How do you know you’re not transgender?

Transgender folks spend a lot of time explaining our identities to other people, and a lot more time being asked to explain how we knew we were trans. But, for myself and my trans friends I’ve talked about this with, we’re baffled by the idea of knowing that the gender you were assigned at birth matches, at least closely enough, the gender you identify as. To experience gender in this way baffles us just as much as I imagine transgender experience confuses cisgender folks.

I was talking about this with my friend Finn who gave me the idea for this post. It used to be that the question, “How do you know you’re not gay?” was a sarcastic retort. Now, a lot (though certainly not all) of straight kids can actually answer this question. I’d love to move to a place where the same is true with gender.

So I’m asking cisgender folks, that is people who identify with the gender they were assigned at birth: how do you know you’re not trans?

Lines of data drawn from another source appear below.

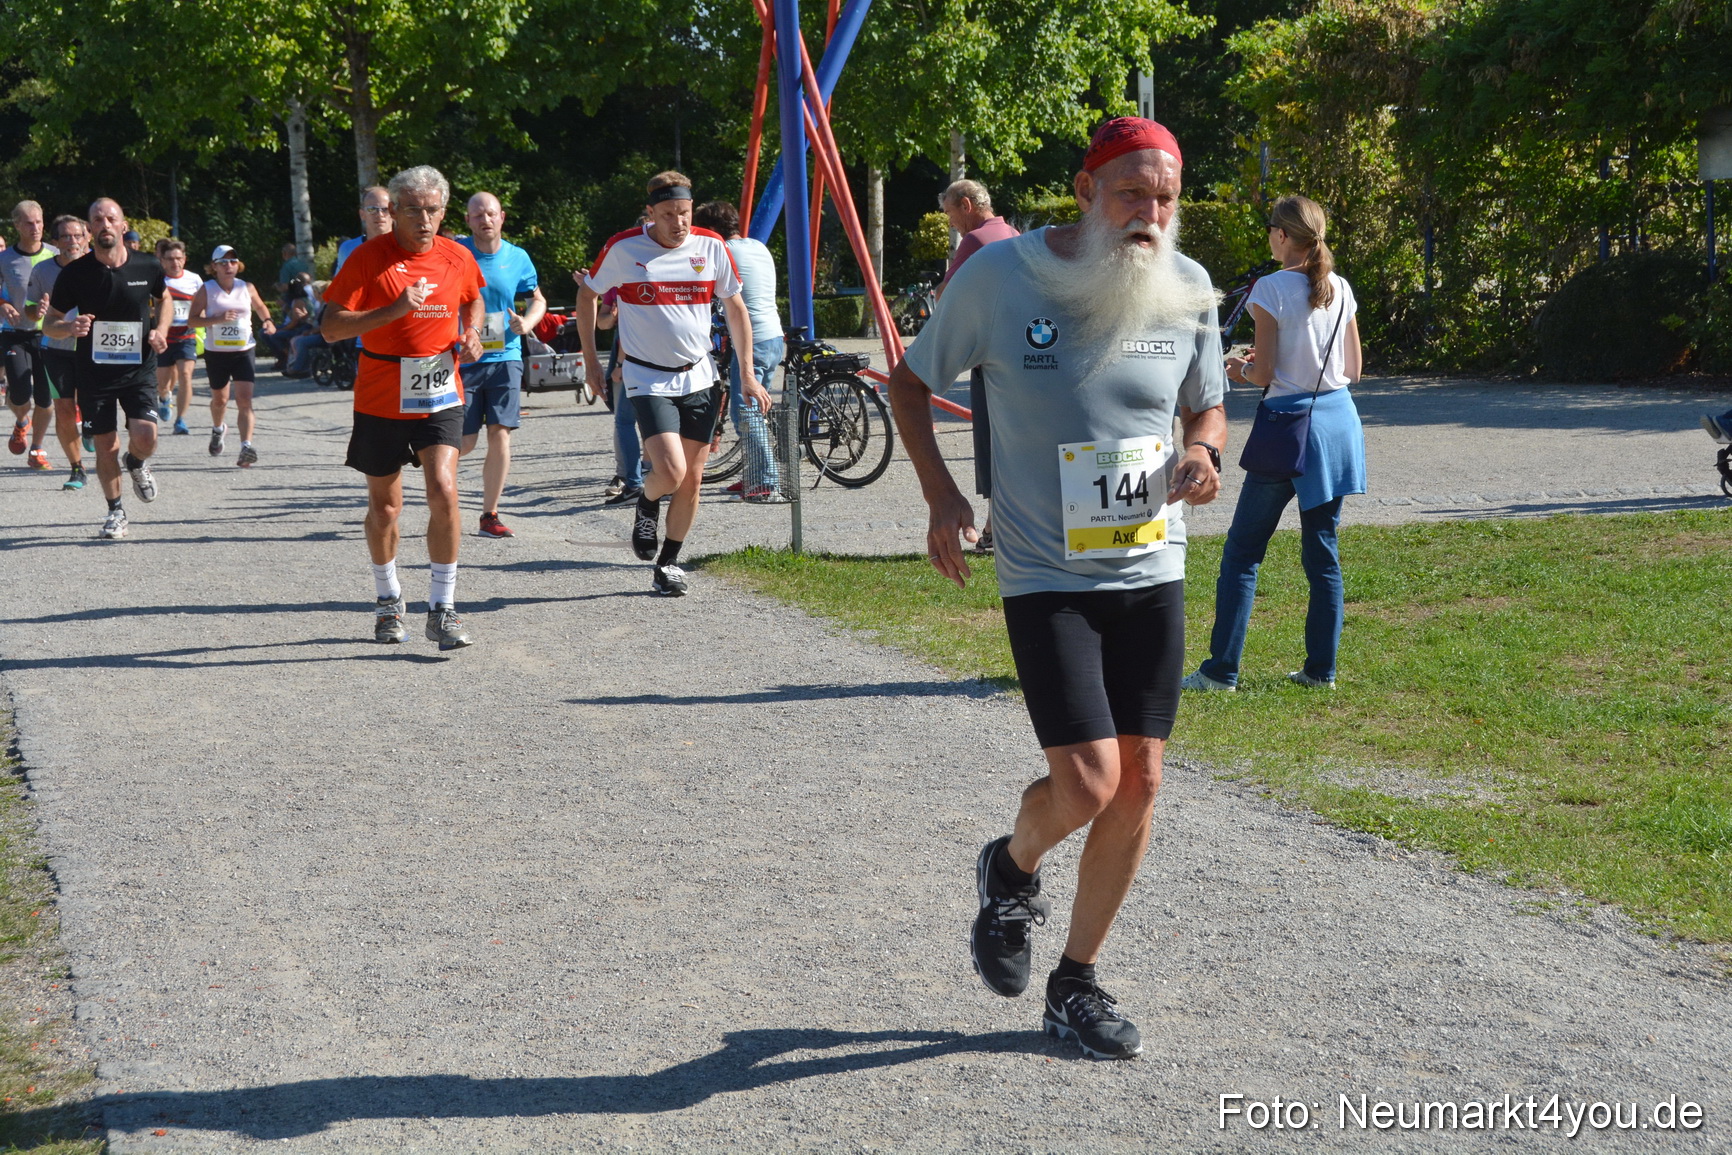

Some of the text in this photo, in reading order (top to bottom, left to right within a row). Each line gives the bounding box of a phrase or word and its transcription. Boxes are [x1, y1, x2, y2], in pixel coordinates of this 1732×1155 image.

[658, 285, 708, 293] Mercedes-Benz
[1028, 318, 1057, 330] BMW
[221, 326, 239, 336] 226
[101, 333, 135, 347] 2354
[1120, 340, 1176, 355] BOCK
[1023, 354, 1059, 363] PARTL
[410, 368, 450, 391] 2192
[417, 396, 445, 408] Michael
[1097, 449, 1144, 464] BOCK
[1093, 471, 1149, 509] 144
[1090, 511, 1147, 523] PARTL Neumarkt
[1112, 527, 1140, 545] Axel
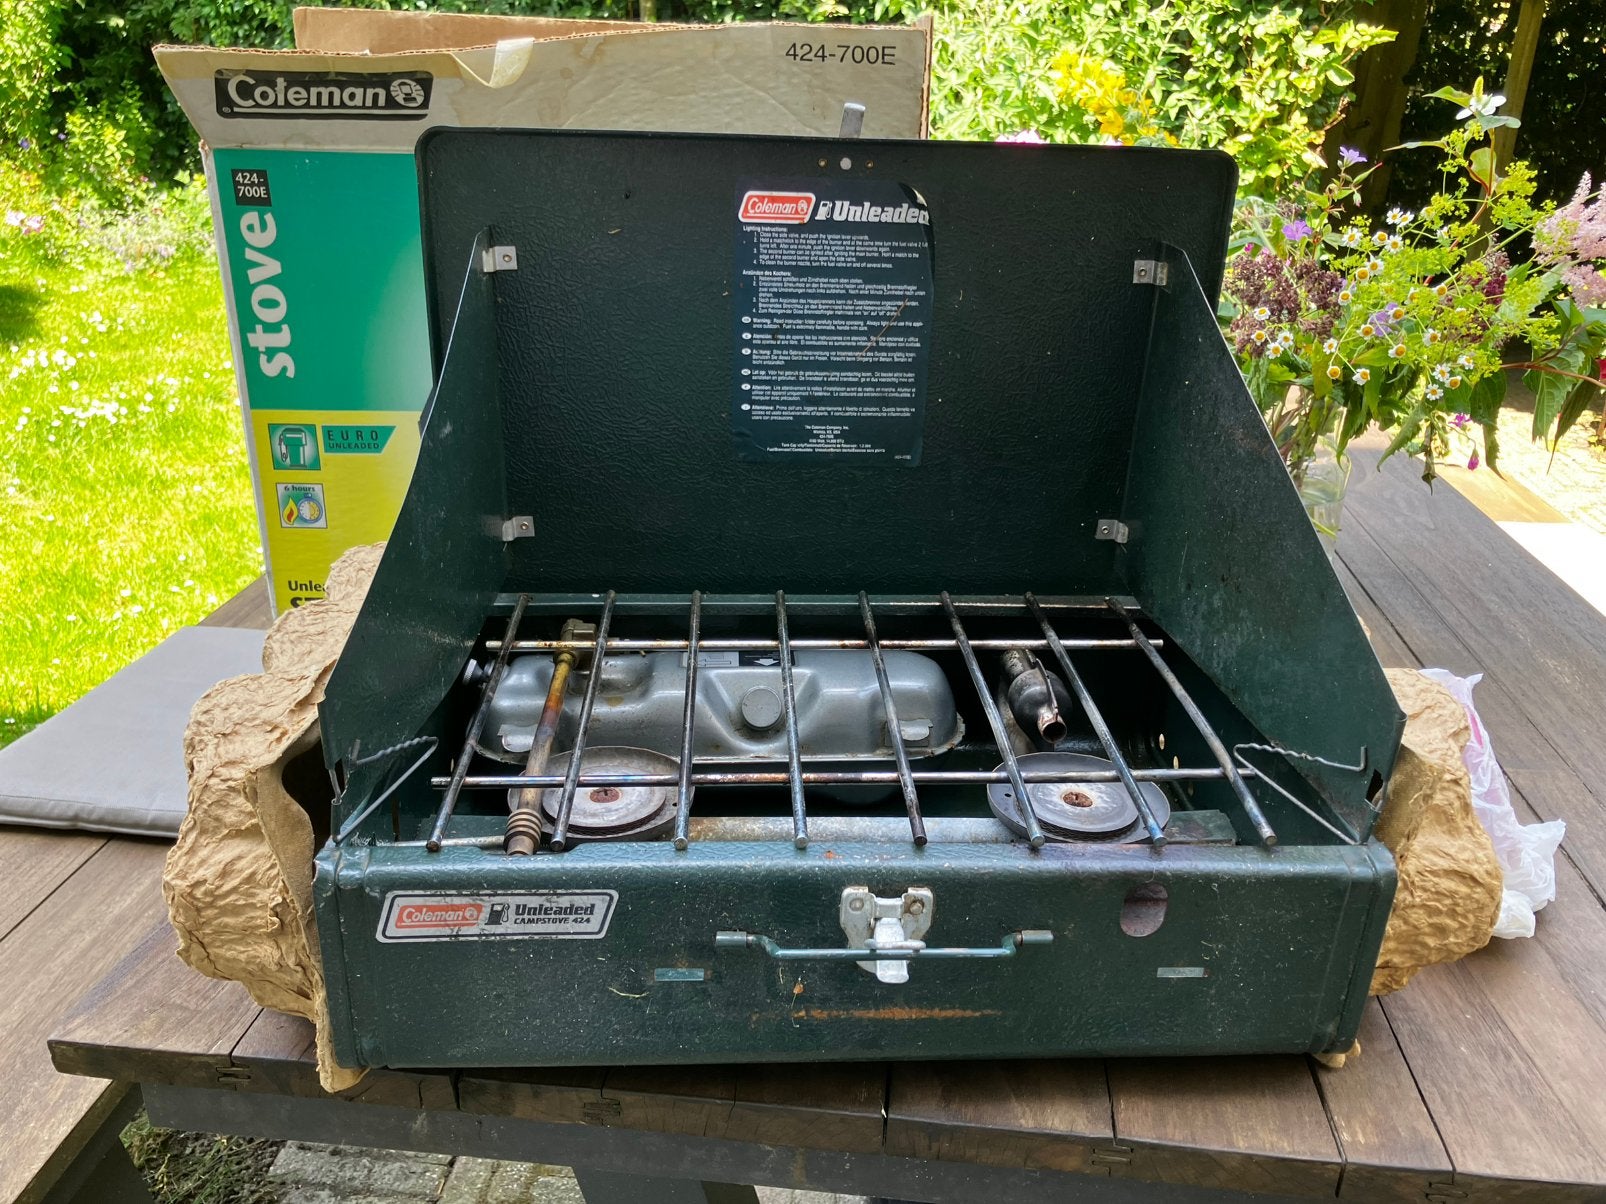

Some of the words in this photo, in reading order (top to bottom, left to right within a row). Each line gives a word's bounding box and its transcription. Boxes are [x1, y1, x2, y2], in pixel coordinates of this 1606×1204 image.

[785, 42, 897, 66] 424-700E
[227, 74, 387, 108] Coleman
[235, 172, 265, 185] 424-
[237, 185, 268, 198] 700E
[747, 197, 797, 214] Coleman
[832, 200, 930, 226] Unleaded
[240, 211, 296, 379] stove
[327, 429, 380, 442] EURO
[328, 442, 380, 450] UNLEADED
[284, 485, 290, 493] 6
[292, 485, 316, 493] hours
[288, 580, 326, 592] Unle
[402, 907, 464, 924] Coleman
[514, 903, 596, 916] Unleaded
[514, 917, 570, 925] CAMPSTOVE
[571, 916, 591, 924] 424

Here’s why I think it’s a question that needs asking: everyone should get the chance to figure out their own gender identity on their own terms. Right now this important process is something folks go through because we have to, because our experience of gender doesn’t match up with what our culture is telling us. But everyone should be presented the opportunity to explore, experiment with, and claim their own gender identity.

To start out the conversation I asked some friends, including Feministing writers, to share their answers. You can read their thoughts below. Thanks so much to everyone who shared their own experiences of gender. Please share your own thoughts in the comments.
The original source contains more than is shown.